HSE Researchers Find Out How to Communicate Health Information More Effectively to Fight COVID-19
Focusing on mortality from the COVID-19 virus is no more effective than calls to wear masks and save lives, but it significantly increases people's anxiety. After conducting an experiment with over 15,000 respondents from 84 countries, an international group of researchers, including scientists from HSE, came to this conclusion. The results of the study have been published in the Affective Science journal.
In addition to finding the causes of this disease and creating medicines and vaccines, each country faced the need to develop a communication strategy that would work with its population. The problem of influencing millions of people and informing them about effective ways of fighting the COVID-19 virus rapidly became one of the important aspects of public policy in every country in the world.
From April to September 2020, researchers from 84 countries worked together on finding out which communication strategies were most effective in working with the general population during the pandemic. Which framing is more effective—a positive emphasis on the advantages of certain behaviour, or negative messages that could scare people who do not follow the safety rules? To find out the answer to this question, the researchers conducted an experiment with more than 15.000 respondents across 48 languages.
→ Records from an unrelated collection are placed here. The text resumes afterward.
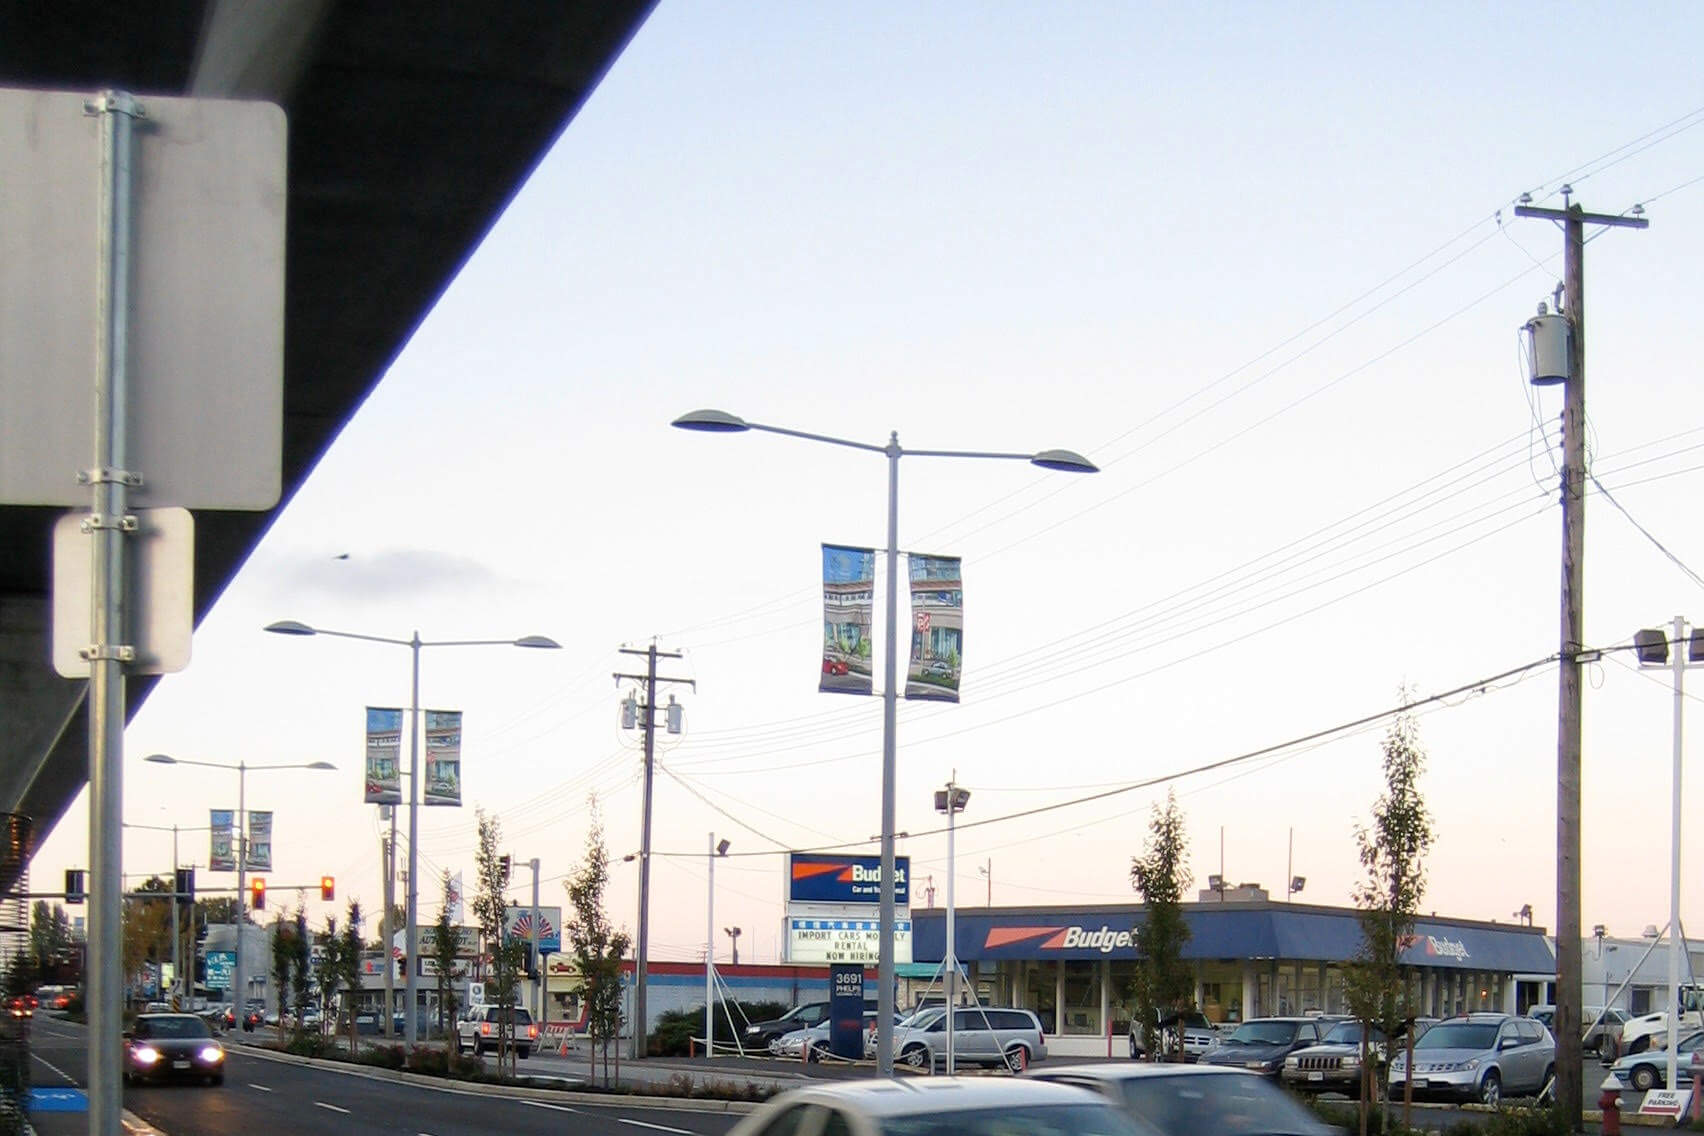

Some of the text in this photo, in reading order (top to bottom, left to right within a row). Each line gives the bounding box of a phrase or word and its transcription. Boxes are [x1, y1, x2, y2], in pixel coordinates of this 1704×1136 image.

[852, 865, 906, 883] Budet
[798, 931, 905, 941] IMPORT CARS MOLY
[834, 942, 868, 951] RENTAL
[1427, 935, 1471, 961] Budget
[826, 952, 880, 961] NOW HIRING
[836, 973, 862, 984] 3691
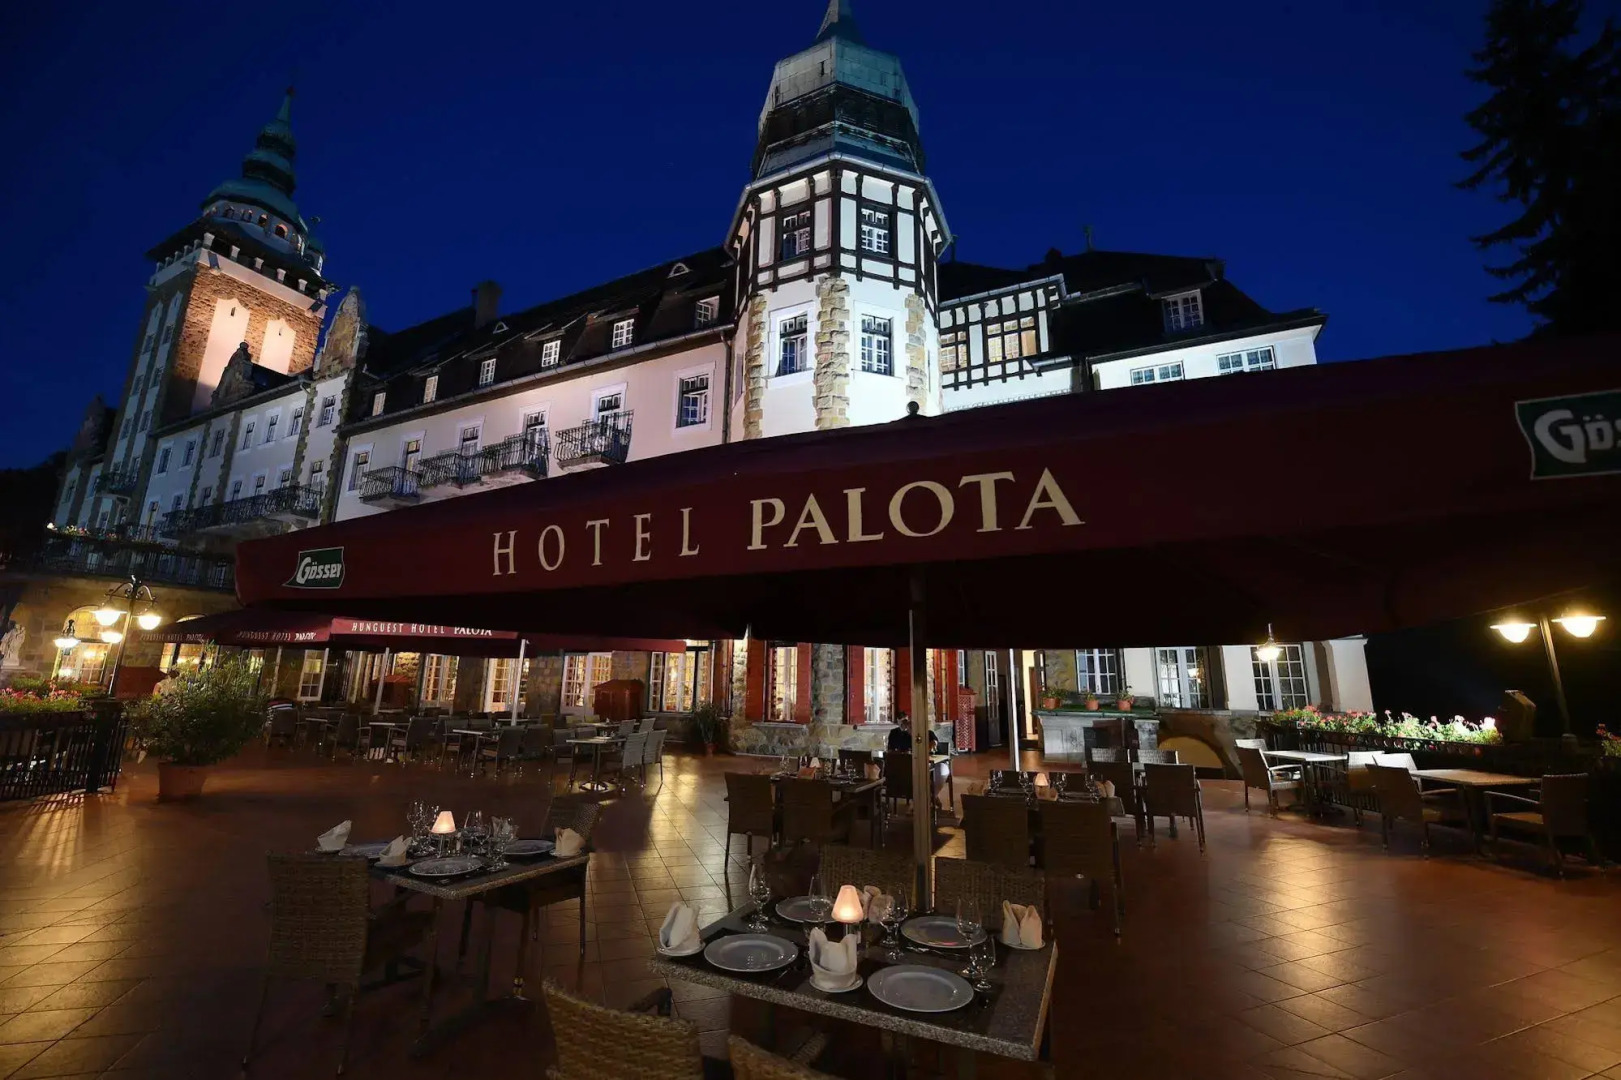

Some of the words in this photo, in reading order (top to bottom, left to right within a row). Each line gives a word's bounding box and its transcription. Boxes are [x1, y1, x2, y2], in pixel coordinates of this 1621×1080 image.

[1534, 408, 1621, 463] Gö
[492, 507, 700, 576] HOTEL
[747, 467, 1085, 550] PALOTA
[296, 556, 342, 584] Gösser
[351, 622, 403, 633] HUNGUEST
[411, 623, 445, 634] HOTEL
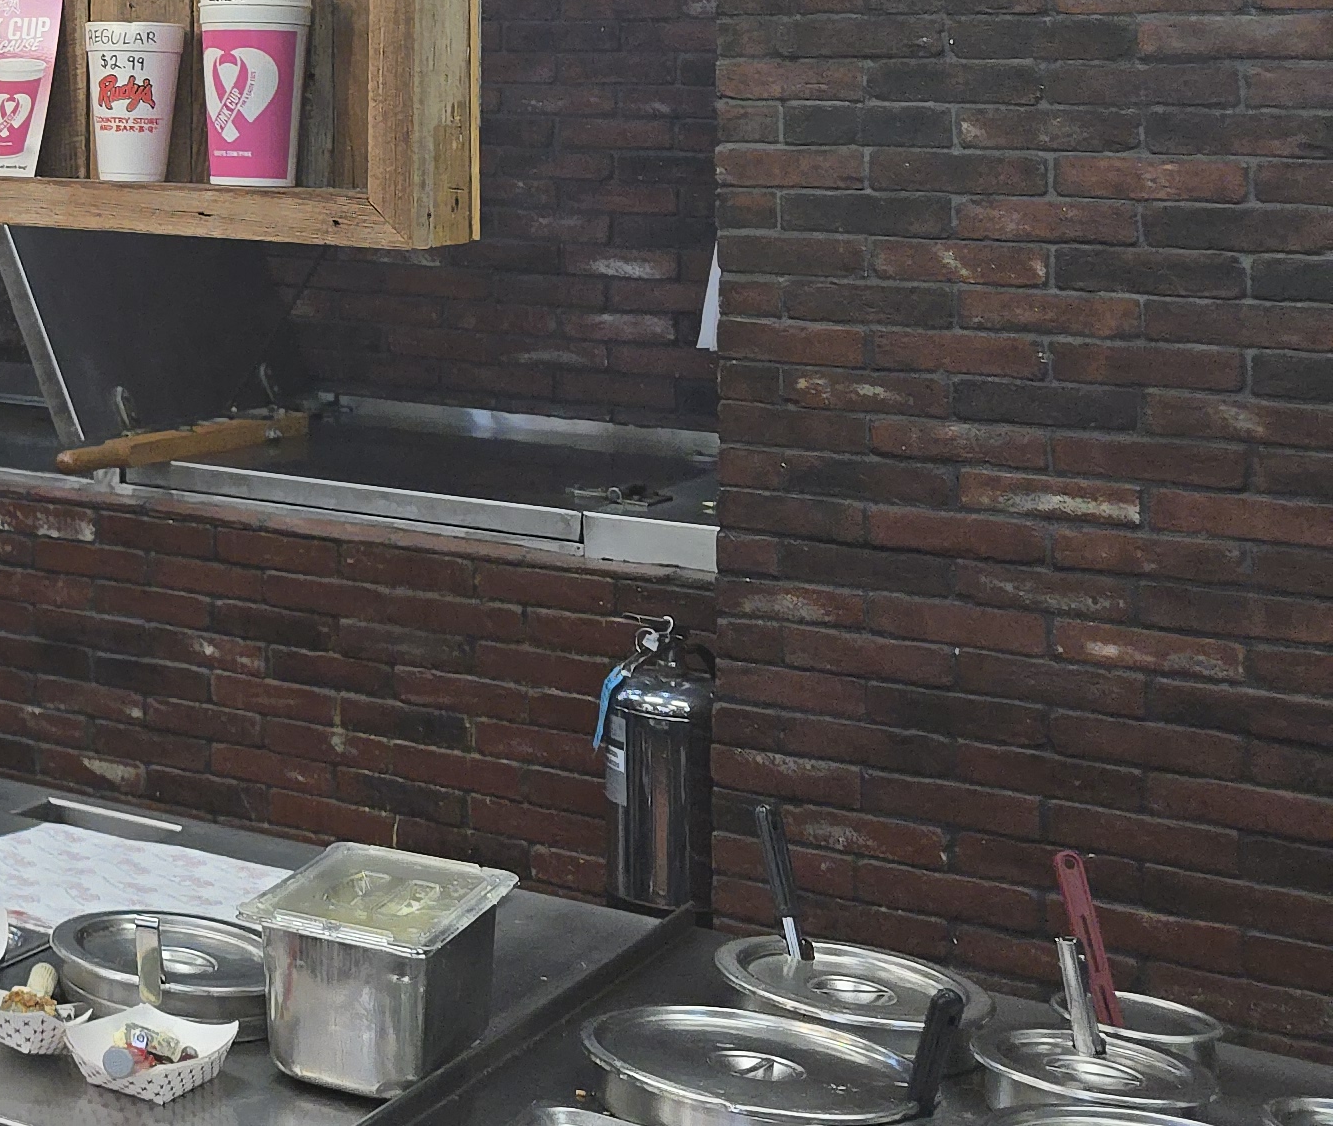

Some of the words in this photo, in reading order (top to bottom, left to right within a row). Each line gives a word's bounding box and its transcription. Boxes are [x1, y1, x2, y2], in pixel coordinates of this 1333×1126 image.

[8, 17, 50, 40] CUP
[88, 29, 157, 45] REGULAR
[101, 54, 144, 71] $2.99
[98, 74, 155, 112] Rudy's
[214, 105, 232, 133] PINK
[225, 87, 241, 110] CUP
Some reports focused on the positive gains of actions such as wearing a mask, while others highlighted the potential losses that could result from not following these steps.
The survey was based on recommendations from the World Health Organization urging people to do four things: stay at home as much as possible, avoid shopping, use face masks and isolate yourself in case of contact with the virus. The questions were framed to emphasize the gains or losses: ‘Wear a mask. Save lives’ and ‘If you don't wear a mask, it can lead to people’s death.’
The results of the study showed that neither type of messages affected people's social behaviour. At the same time, information about potential losses significantly increases people’s anxiety. Moreover, the effect of anxiety on stress hormone secretion may increase with age, potentially putting older people who already face an increased risk of COVID-19 infection in an even more vulnerable position.
In order to demonstrate that the results were not dependent on the use of a specific model, method of analysis or sampling, the researchers tested them on different data pools using different statistical procedures. The researchers analysed three variants of framing and carried out 560 types of calculations on different samples. More than 80% of the models showed consistent results, which indicates the reproducibility and reliability of the results obtained for all 84 countries.
‘We found out that the framing and any culturally specific connotations do not affect the results obtained in particular countries,’ says Irina Prusova, one of the authors of the study, junior research fellow at HSE Laboratory for Psychology of Social Inequality.
The study was the first large-scale and representative cross-section of the impact of information on human behaviour during the pandemic.
According to the authors, the results obtained can help build an effective communication policy to fight the spread of COVID-19 and other epidemics.